The RMS Titanic earned some visitors recently for the first time in 14 years! The new findings reveal that what remains of the shipwreck is being eaten up by the ocean floor. Metal-eating bacteria is also swallowing up the wreckage. A series of five dives were completed this month, by an exploration team from Triton Submarines.
The team would explore 370 miles south of Newfoundland, Canada, and 4,000 meters below the surface. Experts were able to capture footage of the 107-year-old wreckage with specially adapted 4k cameras.
Photos from the first Titanic dive in 14 years
The legendary RMS Titanic set sail in 1912 when the allegedly “unsinkable” ship hit an iceberg. The ship then sinks to the bottom of the ocean floor. The disaster leads to 1,517 deaths of the 2,223 people on board that fateful evening. The new high-quality footage by Atlantic Productions will be showing the effects of salt corrosion, the metal-eating bacteria, and the decomposition of the ship.

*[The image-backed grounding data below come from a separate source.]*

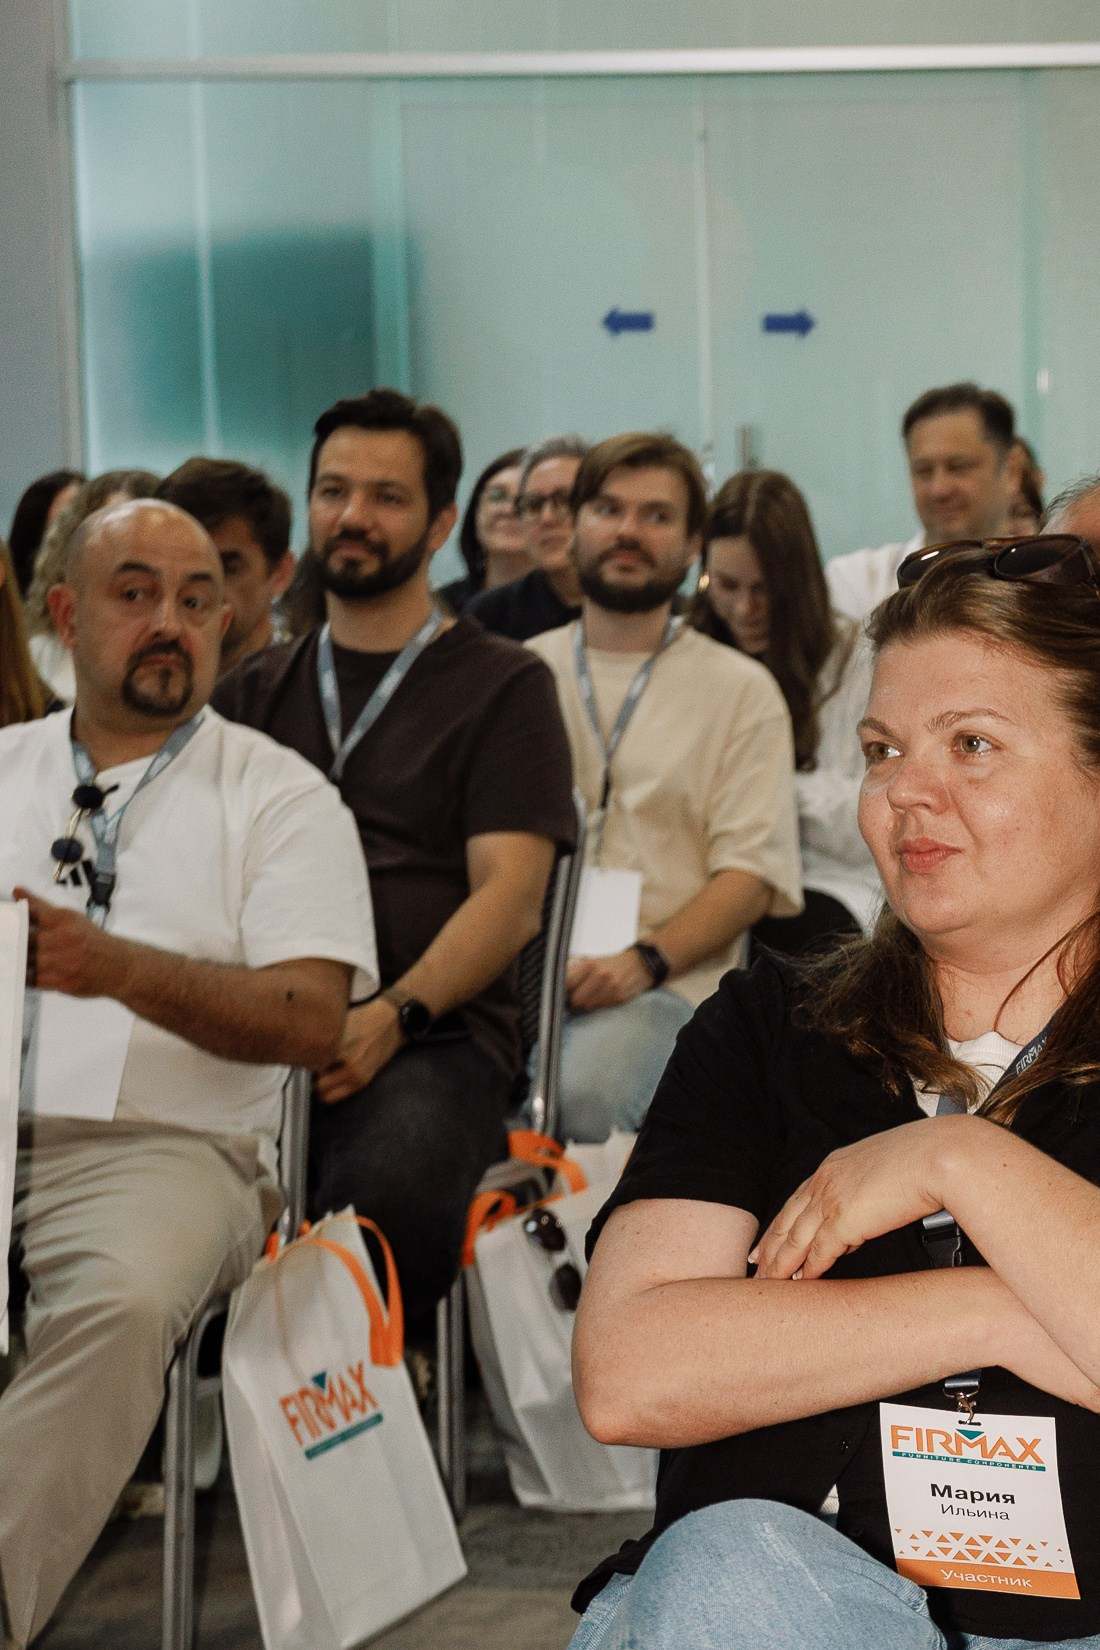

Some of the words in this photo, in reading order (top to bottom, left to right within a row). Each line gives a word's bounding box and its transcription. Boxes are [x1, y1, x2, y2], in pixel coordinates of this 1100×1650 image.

[279, 1360, 379, 1447] FIRMAX
[890, 1424, 1045, 1465] FIRMAX
[901, 1452, 962, 1464] FURNITURE
[967, 1459, 1038, 1471] COMPONENTS
[930, 1483, 1016, 1505] Мария
[940, 1503, 1010, 1521] Ильина
[940, 1569, 1033, 1588] Участник

Patrick Lahey, the president and co-founder of Triton Submarines, speaks on the findings. “The most fascinating aspect was seeing how the Titanic is being consumed by the ocean and returning to its elemental form while providing refuge for a remarkably diverse number of animals,” he says.
Experts are hopeful this experience may lead to more shipwreck dives around the world
Victor Vescovo, CEO of Caladan Oceanic and the submersible’s chief pilot, hopes that their new technology will allow them to visit other underwater shipwrecks globally.
In the meantime, the Titanic II is coming…
Of course, the team may have come for scientific and historic findings, but they did so with respect. The team lay a wreath and hold a ceremony for those who died as a result of the ship’s sinking all those years ago.
In other Titanic news, the Titanic II will allegedly set sail in the year 2022. It will follow its original voyage plans from 1912, and hopefully, will make it fully across this time! Construction of the replica ship recently resumes after a financial dispute that held up the project for a few years. The replica will carry about 2,400 passengers and, thankfully, it will have modern navigation and safety features aboard.
What do you think about these interesting new findings from the first Titanic dive in 14 years?